(Records drawn from a dataset)

== Segment start ==

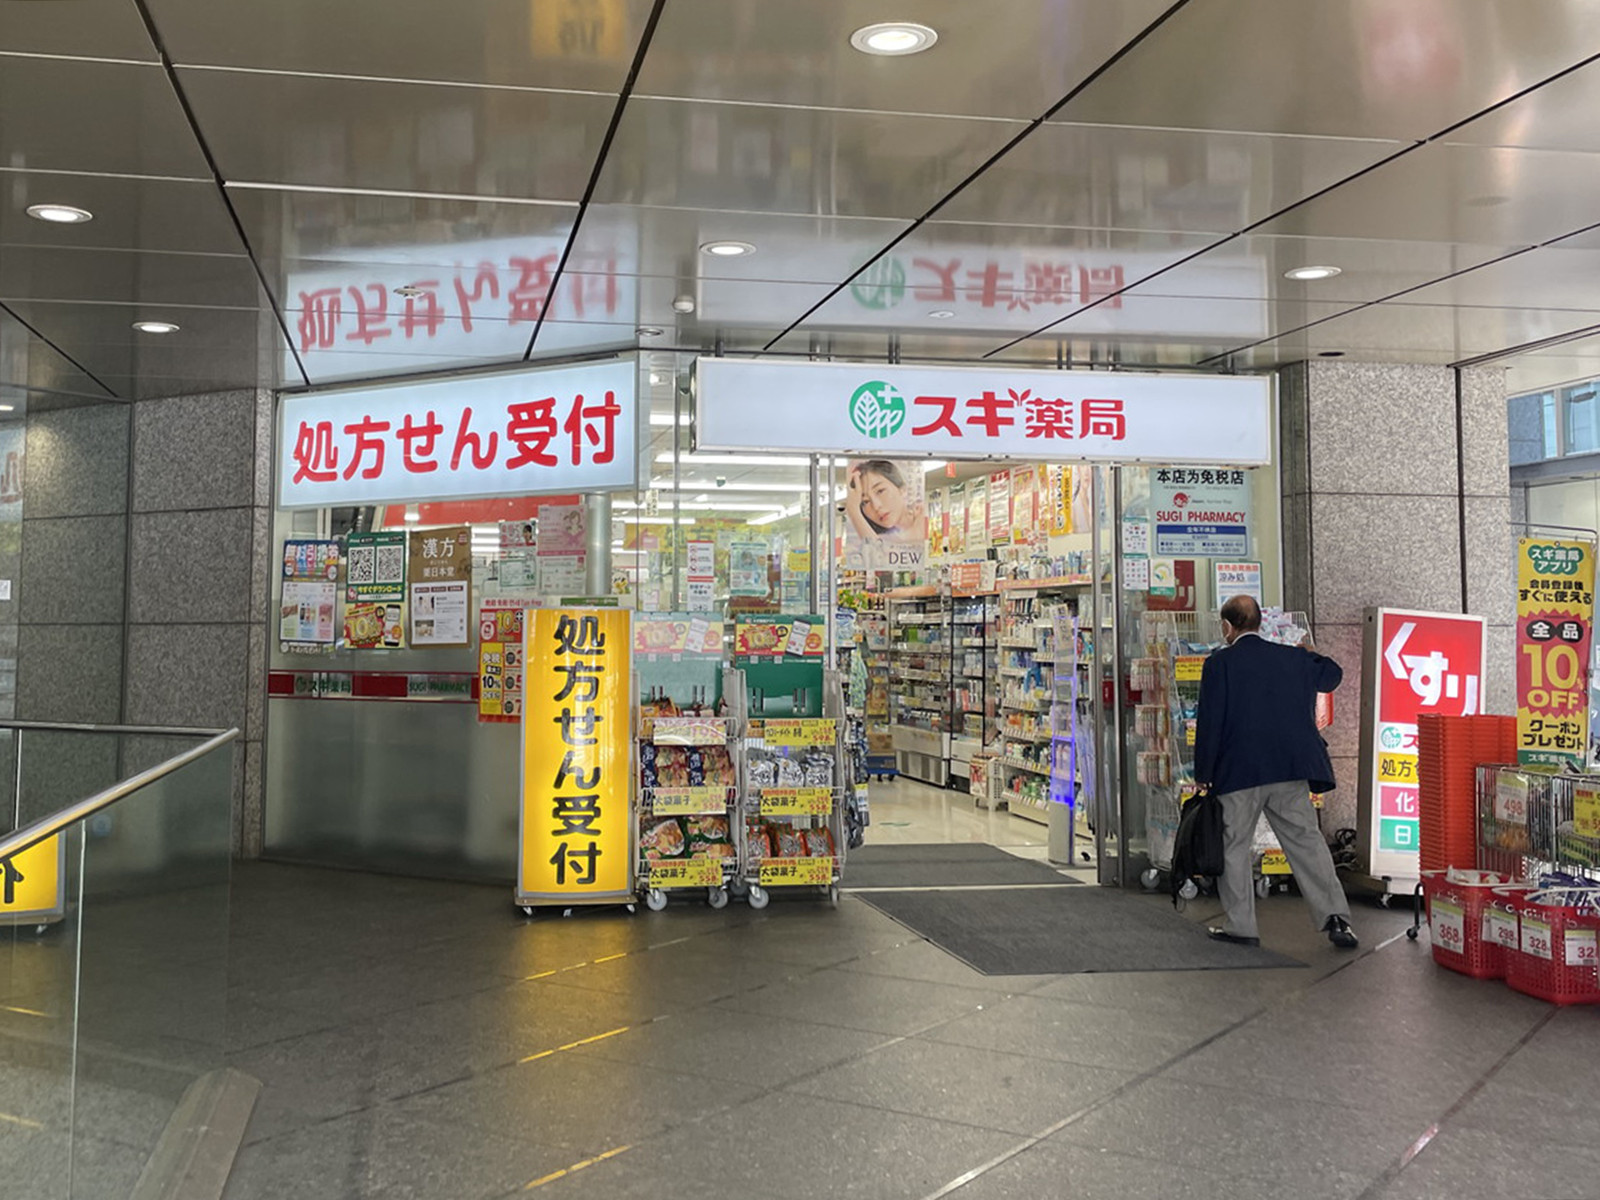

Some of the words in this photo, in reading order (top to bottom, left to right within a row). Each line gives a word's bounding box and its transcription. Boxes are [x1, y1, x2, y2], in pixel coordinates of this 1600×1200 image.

[912, 388, 1126, 440] スギ薬局
[293, 391, 621, 484] 処方せん受付
[1158, 469, 1244, 485] 本店为免税店
[1156, 511, 1182, 522] SUGI
[1188, 511, 1246, 523] PHARMACY
[423, 537, 455, 559] 漢方
[1531, 548, 1580, 562] スギ薬局
[888, 551, 921, 564] DEW
[1538, 560, 1574, 573] アプリ
[1519, 589, 1592, 604] すぐに使える
[1532, 621, 1579, 640] 全品
[1384, 622, 1478, 716] くすり
[1527, 690, 1579, 709] OFF
[1529, 719, 1581, 735] クーポン
[550, 614, 605, 884] 処方せん受付
[1523, 734, 1584, 750] プレゼント
[762, 795, 798, 807] 大袋菓子
[1504, 799, 1523, 816] 498
[650, 869, 687, 879] 大袋菓子
[761, 868, 797, 879] 大袋菓子
[1439, 924, 1459, 943] 368
[1498, 927, 1514, 941] 298
[1529, 936, 1547, 951] 328

== Segment end ==

Task details —
Set the records down again exactly, and omit any picture in them.

Your response —
Some of the words in this photo, in reading order (top to bottom, left to right within a row). Each line gives a word's bounding box and its transcription. Boxes are [x1, y1, x2, y2], in pixel coordinates of this 1600×1200 image.

[912, 388, 1126, 440] スギ薬局
[293, 391, 621, 484] 処方せん受付
[1158, 469, 1244, 485] 本店为免税店
[1156, 511, 1182, 522] SUGI
[1188, 511, 1246, 523] PHARMACY
[423, 537, 455, 559] 漢方
[1531, 548, 1580, 562] スギ薬局
[888, 551, 921, 564] DEW
[1538, 560, 1574, 573] アプリ
[1519, 589, 1592, 604] すぐに使える
[1532, 621, 1579, 640] 全品
[1384, 622, 1478, 716] くすり
[1527, 690, 1579, 709] OFF
[1529, 719, 1581, 735] クーポン
[550, 614, 605, 884] 処方せん受付
[1523, 734, 1584, 750] プレゼント
[762, 795, 798, 807] 大袋菓子
[1504, 799, 1523, 816] 498
[650, 869, 687, 879] 大袋菓子
[761, 868, 797, 879] 大袋菓子
[1439, 924, 1459, 943] 368
[1498, 927, 1514, 941] 298
[1529, 936, 1547, 951] 328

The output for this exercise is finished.